Pakistan’s economy is not strong and comes under the category of lower-middle income countries. 22 percent of the entire Pakistani population lives below the poverty line.

Poverty is one of the main reasons which leads to child maltreatment. Poor families exploit their children to earn livings for them and involve them in labour, underage marriages, drug abuse, prostitution, pornography and trafficking etc.

So, the Government should develop a national action strategy to address the problems of poverty and socio-economic differences in the country and allocate sufficient budget to relevant ministries for achieving this goal.

Out-of-school children is one of the kinds of child maltreatment and needs the urgent attention of the Government.

Pakistan ranks second amongst the countries in the world where a large number of children do not go to school. Over 23 million children aged 5-16 are out of school in Pakistan.

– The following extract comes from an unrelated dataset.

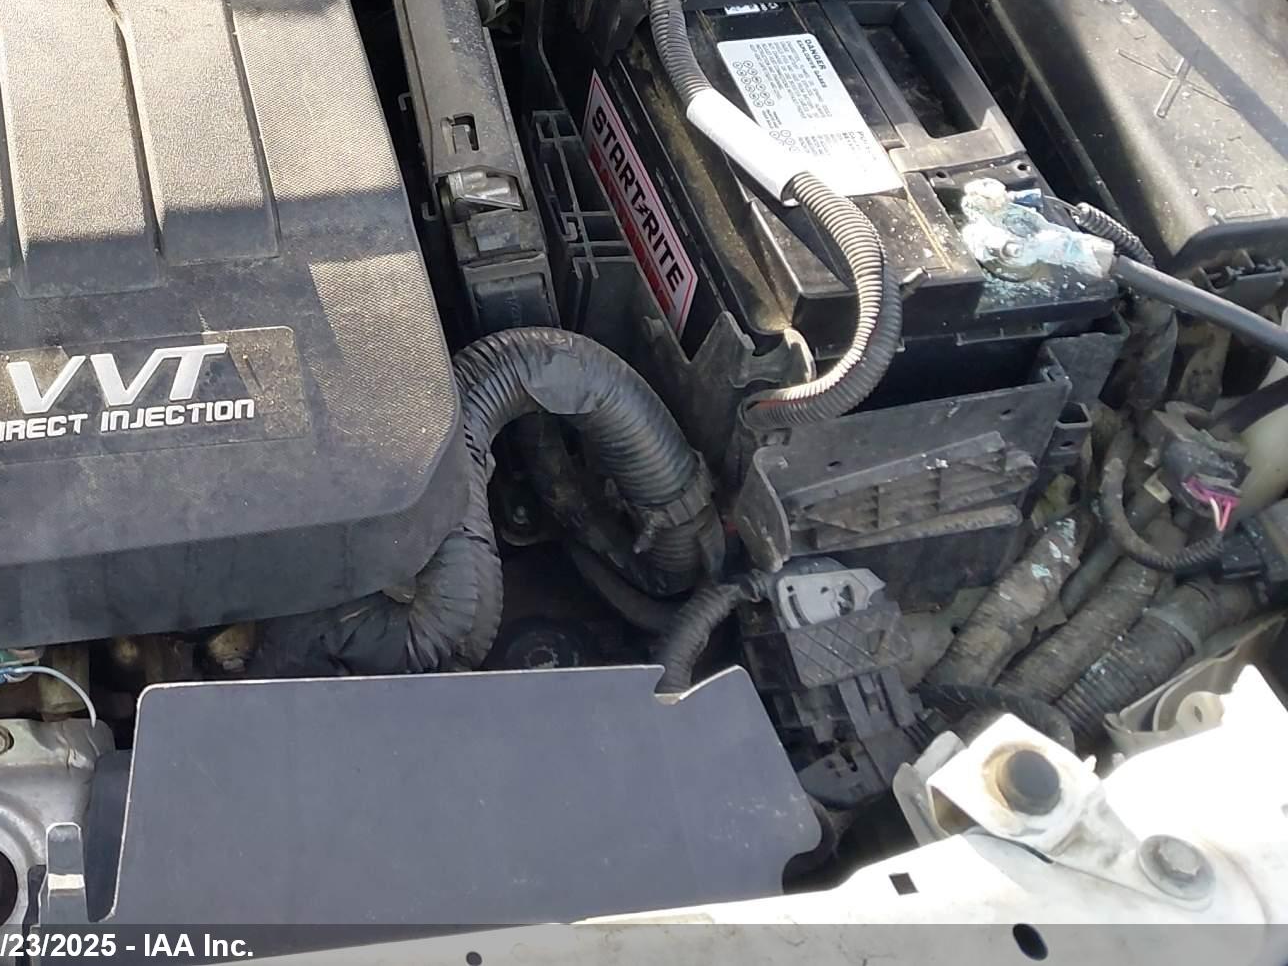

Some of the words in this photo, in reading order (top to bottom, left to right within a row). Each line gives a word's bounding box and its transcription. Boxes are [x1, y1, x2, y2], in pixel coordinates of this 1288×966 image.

[804, 39, 826, 70] DANGER
[6, 344, 228, 414] VVT
[100, 399, 255, 432] INJECTION
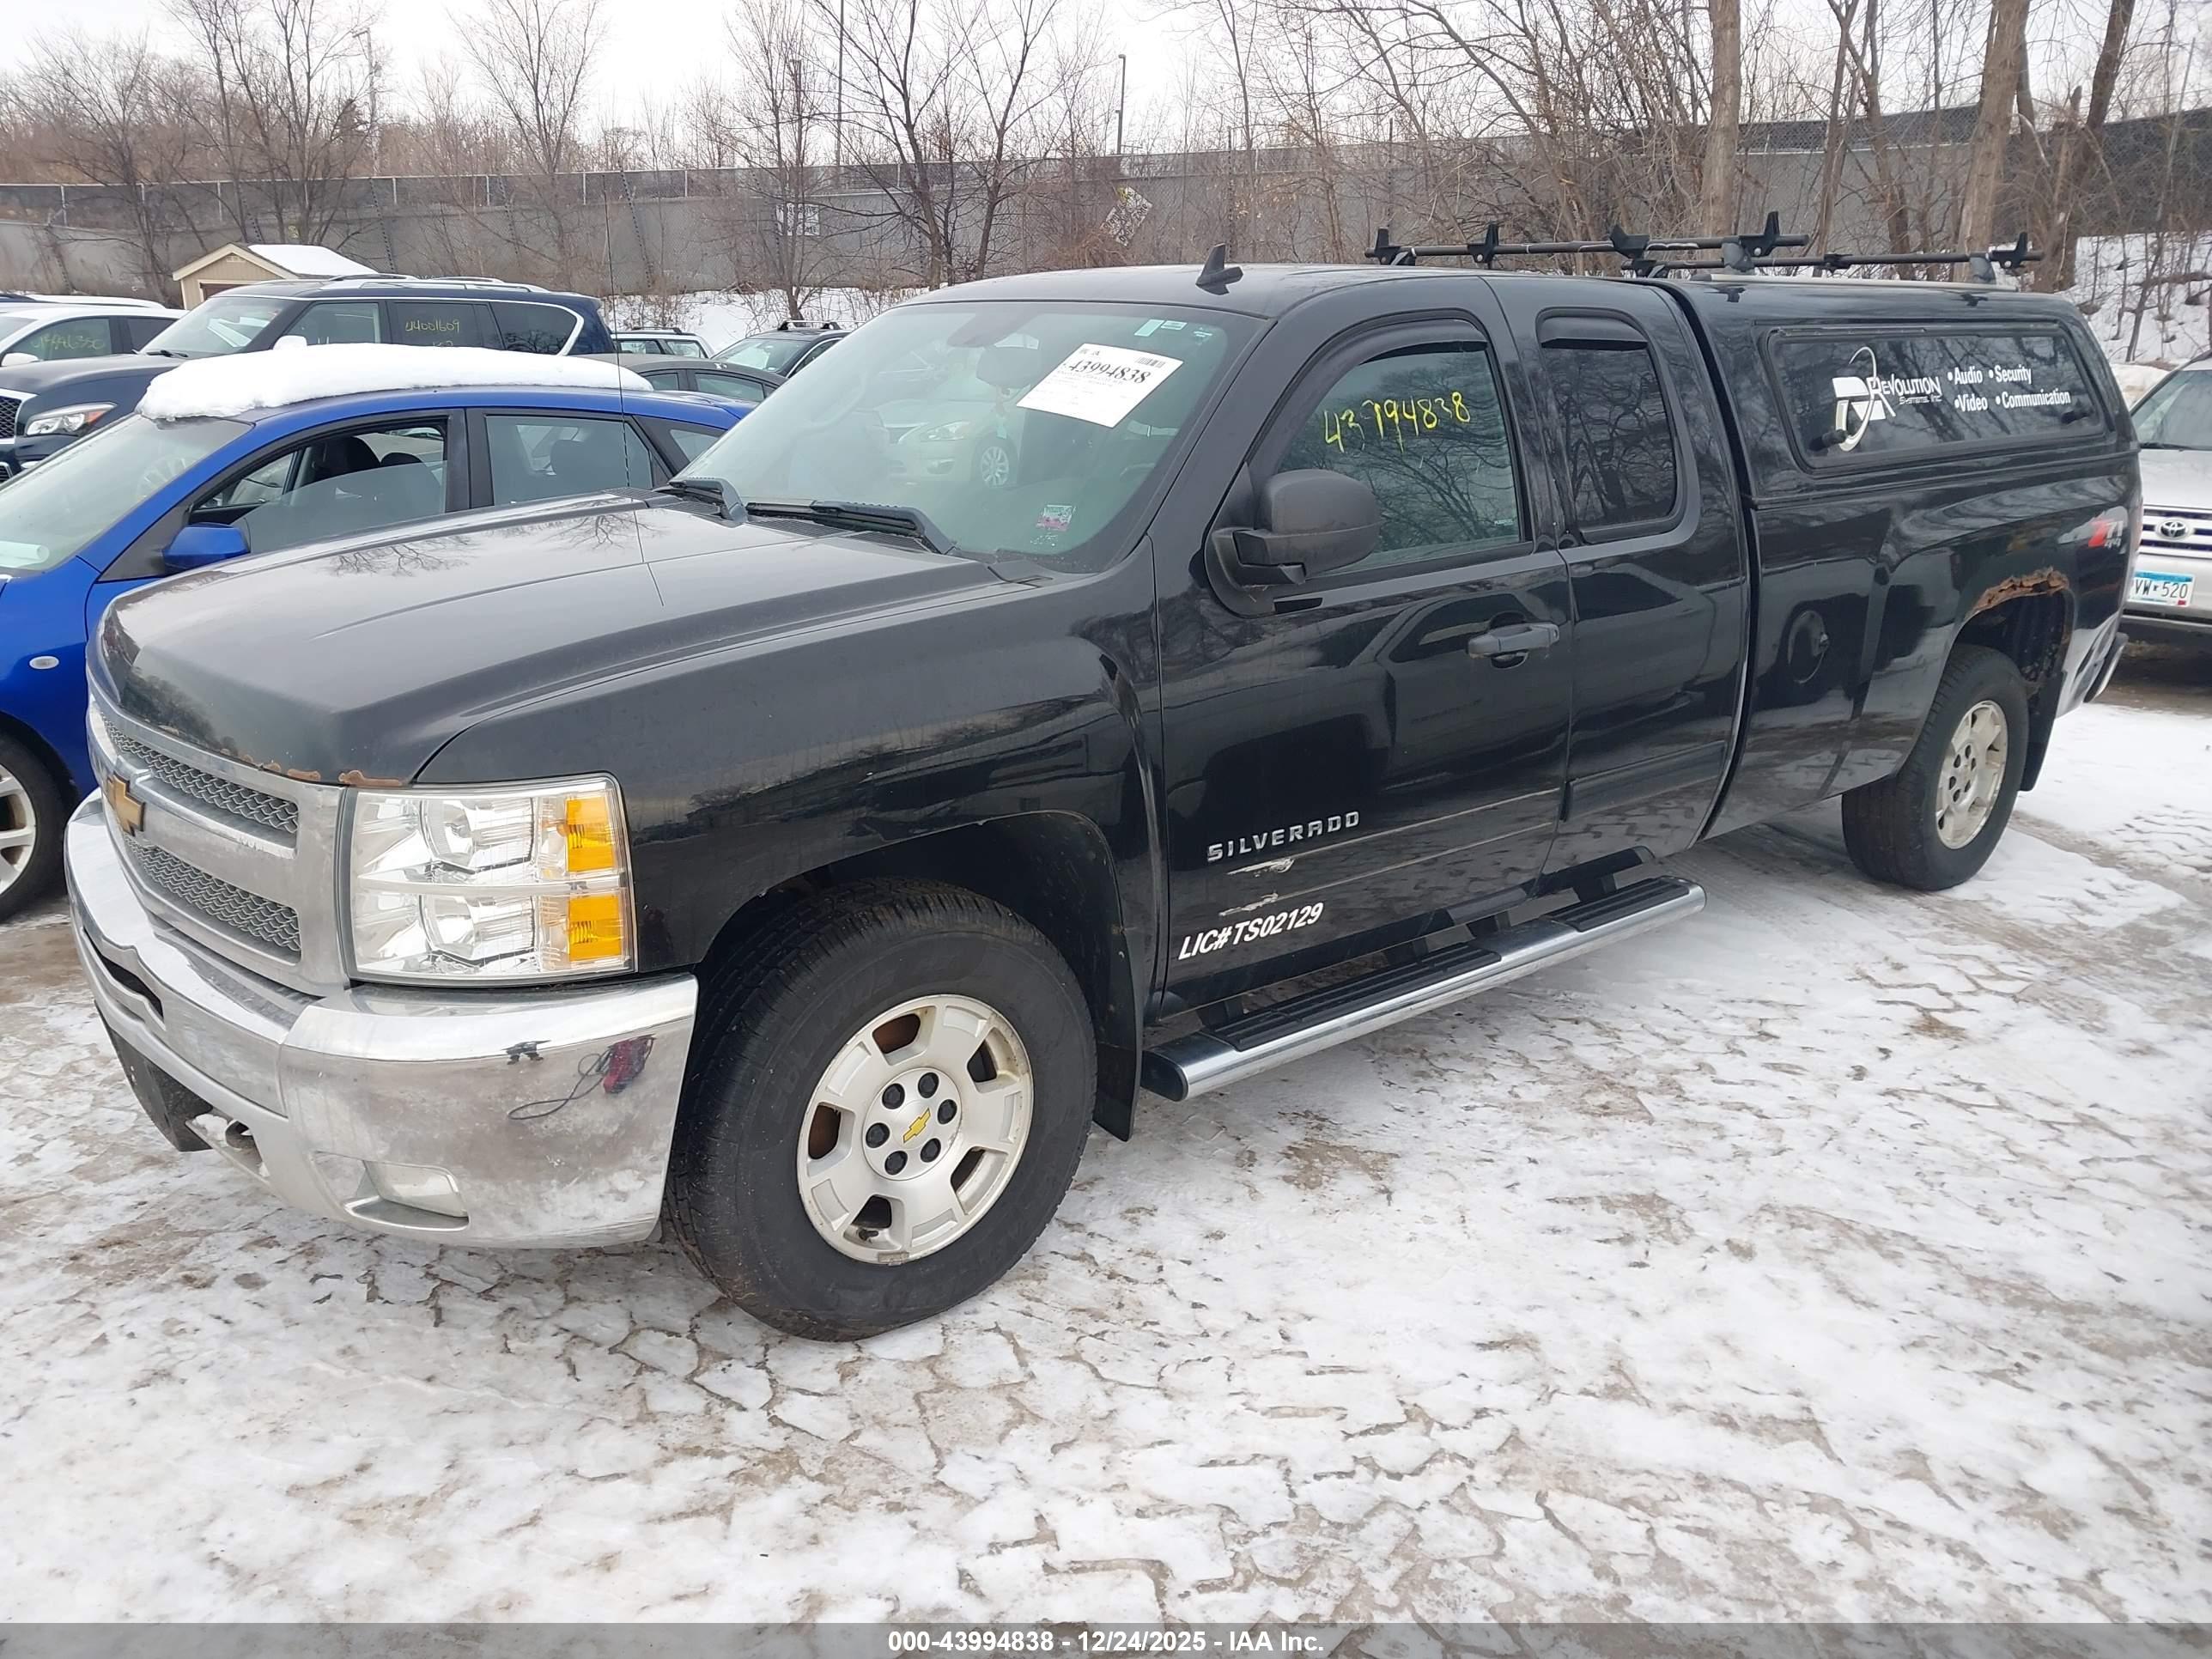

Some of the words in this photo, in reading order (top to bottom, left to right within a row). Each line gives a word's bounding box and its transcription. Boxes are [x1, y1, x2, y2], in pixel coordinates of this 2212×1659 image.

So, a strategy to provide free and compulsory education to out of school children must be adopted by Govt. as promised under the Constitution of Pakistan.

Because child maltreatment cases are reported from all segments of society, ie, poor, middle-class and rich families.

So, the Government should adopt a strategy to create awareness against child maltreatment amongst the general public, legislators/policy makers and children themselves.

Seminars, trainings and awareness material about the child protection issues must be publicized in order to sensitize people about this human rights violation.

—The writer is Advocate High Court/Co-chair, National Action & Coordination Group for ending violence against children, Pakistan.